(YOUR TASK):
When you print the material, keep every line identical to the original.

(DATA SECTION):

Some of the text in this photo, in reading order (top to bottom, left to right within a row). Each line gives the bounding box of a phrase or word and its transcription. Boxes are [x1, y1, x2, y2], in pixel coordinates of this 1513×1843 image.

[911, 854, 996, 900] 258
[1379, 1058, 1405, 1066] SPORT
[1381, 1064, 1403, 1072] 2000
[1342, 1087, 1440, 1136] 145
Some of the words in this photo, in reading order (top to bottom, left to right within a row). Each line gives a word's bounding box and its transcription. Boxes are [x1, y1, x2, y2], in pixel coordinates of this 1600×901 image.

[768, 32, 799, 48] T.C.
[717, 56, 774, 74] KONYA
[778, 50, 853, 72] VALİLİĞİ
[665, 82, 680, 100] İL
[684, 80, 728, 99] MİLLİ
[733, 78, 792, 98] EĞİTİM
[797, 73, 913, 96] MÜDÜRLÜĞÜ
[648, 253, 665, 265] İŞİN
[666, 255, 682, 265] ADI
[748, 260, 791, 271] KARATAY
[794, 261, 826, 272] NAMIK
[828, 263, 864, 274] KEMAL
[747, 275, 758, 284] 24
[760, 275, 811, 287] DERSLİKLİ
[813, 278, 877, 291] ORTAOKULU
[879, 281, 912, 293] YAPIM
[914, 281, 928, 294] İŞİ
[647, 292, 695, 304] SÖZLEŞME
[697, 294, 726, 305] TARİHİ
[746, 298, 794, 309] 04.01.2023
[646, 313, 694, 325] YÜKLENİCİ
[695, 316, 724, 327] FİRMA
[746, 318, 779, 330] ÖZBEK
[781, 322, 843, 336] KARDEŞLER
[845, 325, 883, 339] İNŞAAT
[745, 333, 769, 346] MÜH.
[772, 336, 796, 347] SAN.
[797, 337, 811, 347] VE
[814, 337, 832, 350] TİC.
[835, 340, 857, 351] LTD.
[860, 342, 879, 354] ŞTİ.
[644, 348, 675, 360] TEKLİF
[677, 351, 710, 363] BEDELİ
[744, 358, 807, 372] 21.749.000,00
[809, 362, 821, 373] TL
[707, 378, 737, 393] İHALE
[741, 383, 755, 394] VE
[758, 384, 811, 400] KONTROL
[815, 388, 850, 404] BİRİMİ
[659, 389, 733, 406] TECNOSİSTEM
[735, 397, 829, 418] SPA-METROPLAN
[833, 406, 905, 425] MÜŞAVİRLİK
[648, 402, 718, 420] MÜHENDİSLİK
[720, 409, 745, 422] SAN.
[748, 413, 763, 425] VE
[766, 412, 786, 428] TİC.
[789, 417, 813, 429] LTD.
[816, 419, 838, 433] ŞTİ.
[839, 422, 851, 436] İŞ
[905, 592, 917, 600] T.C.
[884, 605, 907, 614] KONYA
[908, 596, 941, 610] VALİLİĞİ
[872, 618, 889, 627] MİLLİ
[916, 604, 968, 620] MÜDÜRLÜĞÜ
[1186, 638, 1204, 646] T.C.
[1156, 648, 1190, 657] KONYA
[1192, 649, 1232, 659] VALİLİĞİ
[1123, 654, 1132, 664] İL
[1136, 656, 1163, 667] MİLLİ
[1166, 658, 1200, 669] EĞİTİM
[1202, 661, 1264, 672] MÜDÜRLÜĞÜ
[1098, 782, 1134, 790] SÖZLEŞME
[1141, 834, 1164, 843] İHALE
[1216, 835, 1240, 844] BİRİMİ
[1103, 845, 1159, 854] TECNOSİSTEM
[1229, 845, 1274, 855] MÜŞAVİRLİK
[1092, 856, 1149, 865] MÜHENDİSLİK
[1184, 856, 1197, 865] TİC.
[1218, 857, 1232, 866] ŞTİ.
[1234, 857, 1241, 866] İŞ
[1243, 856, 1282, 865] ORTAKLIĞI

(RESPONSE):
Some of the text in this photo, in reading order (top to bottom, left to right within a row). Each line gives the bounding box of a phrase or word and its transcription. Boxes are [x1, y1, x2, y2], in pixel coordinates of this 1513×1843 image.

[911, 854, 996, 900] 258
[1379, 1058, 1405, 1066] SPORT
[1381, 1064, 1403, 1072] 2000
[1342, 1087, 1440, 1136] 145
Some of the words in this photo, in reading order (top to bottom, left to right within a row). Each line gives a word's bounding box and its transcription. Boxes are [x1, y1, x2, y2], in pixel coordinates of this 1600×901 image.

[768, 32, 799, 48] T.C.
[717, 56, 774, 74] KONYA
[778, 50, 853, 72] VALİLİĞİ
[665, 82, 680, 100] İL
[684, 80, 728, 99] MİLLİ
[733, 78, 792, 98] EĞİTİM
[797, 73, 913, 96] MÜDÜRLÜĞÜ
[648, 253, 665, 265] İŞİN
[666, 255, 682, 265] ADI
[748, 260, 791, 271] KARATAY
[794, 261, 826, 272] NAMIK
[828, 263, 864, 274] KEMAL
[747, 275, 758, 284] 24
[760, 275, 811, 287] DERSLİKLİ
[813, 278, 877, 291] ORTAOKULU
[879, 281, 912, 293] YAPIM
[914, 281, 928, 294] İŞİ
[647, 292, 695, 304] SÖZLEŞME
[697, 294, 726, 305] TARİHİ
[746, 298, 794, 309] 04.01.2023
[646, 313, 694, 325] YÜKLENİCİ
[695, 316, 724, 327] FİRMA
[746, 318, 779, 330] ÖZBEK
[781, 322, 843, 336] KARDEŞLER
[845, 325, 883, 339] İNŞAAT
[745, 333, 769, 346] MÜH.
[772, 336, 796, 347] SAN.
[797, 337, 811, 347] VE
[814, 337, 832, 350] TİC.
[835, 340, 857, 351] LTD.
[860, 342, 879, 354] ŞTİ.
[644, 348, 675, 360] TEKLİF
[677, 351, 710, 363] BEDELİ
[744, 358, 807, 372] 21.749.000,00
[809, 362, 821, 373] TL
[707, 378, 737, 393] İHALE
[741, 383, 755, 394] VE
[758, 384, 811, 400] KONTROL
[815, 388, 850, 404] BİRİMİ
[659, 389, 733, 406] TECNOSİSTEM
[735, 397, 829, 418] SPA-METROPLAN
[833, 406, 905, 425] MÜŞAVİRLİK
[648, 402, 718, 420] MÜHENDİSLİK
[720, 409, 745, 422] SAN.
[748, 413, 763, 425] VE
[766, 412, 786, 428] TİC.
[789, 417, 813, 429] LTD.
[816, 419, 838, 433] ŞTİ.
[839, 422, 851, 436] İŞ
[905, 592, 917, 600] T.C.
[884, 605, 907, 614] KONYA
[908, 596, 941, 610] VALİLİĞİ
[872, 618, 889, 627] MİLLİ
[916, 604, 968, 620] MÜDÜRLÜĞÜ
[1186, 638, 1204, 646] T.C.
[1156, 648, 1190, 657] KONYA
[1192, 649, 1232, 659] VALİLİĞİ
[1123, 654, 1132, 664] İL
[1136, 656, 1163, 667] MİLLİ
[1166, 658, 1200, 669] EĞİTİM
[1202, 661, 1264, 672] MÜDÜRLÜĞÜ
[1098, 782, 1134, 790] SÖZLEŞME
[1141, 834, 1164, 843] İHALE
[1216, 835, 1240, 844] BİRİMİ
[1103, 845, 1159, 854] TECNOSİSTEM
[1229, 845, 1274, 855] MÜŞAVİRLİK
[1092, 856, 1149, 865] MÜHENDİSLİK
[1184, 856, 1197, 865] TİC.
[1218, 857, 1232, 866] ŞTİ.
[1234, 857, 1241, 866] İŞ
[1243, 856, 1282, 865] ORTAKLIĞI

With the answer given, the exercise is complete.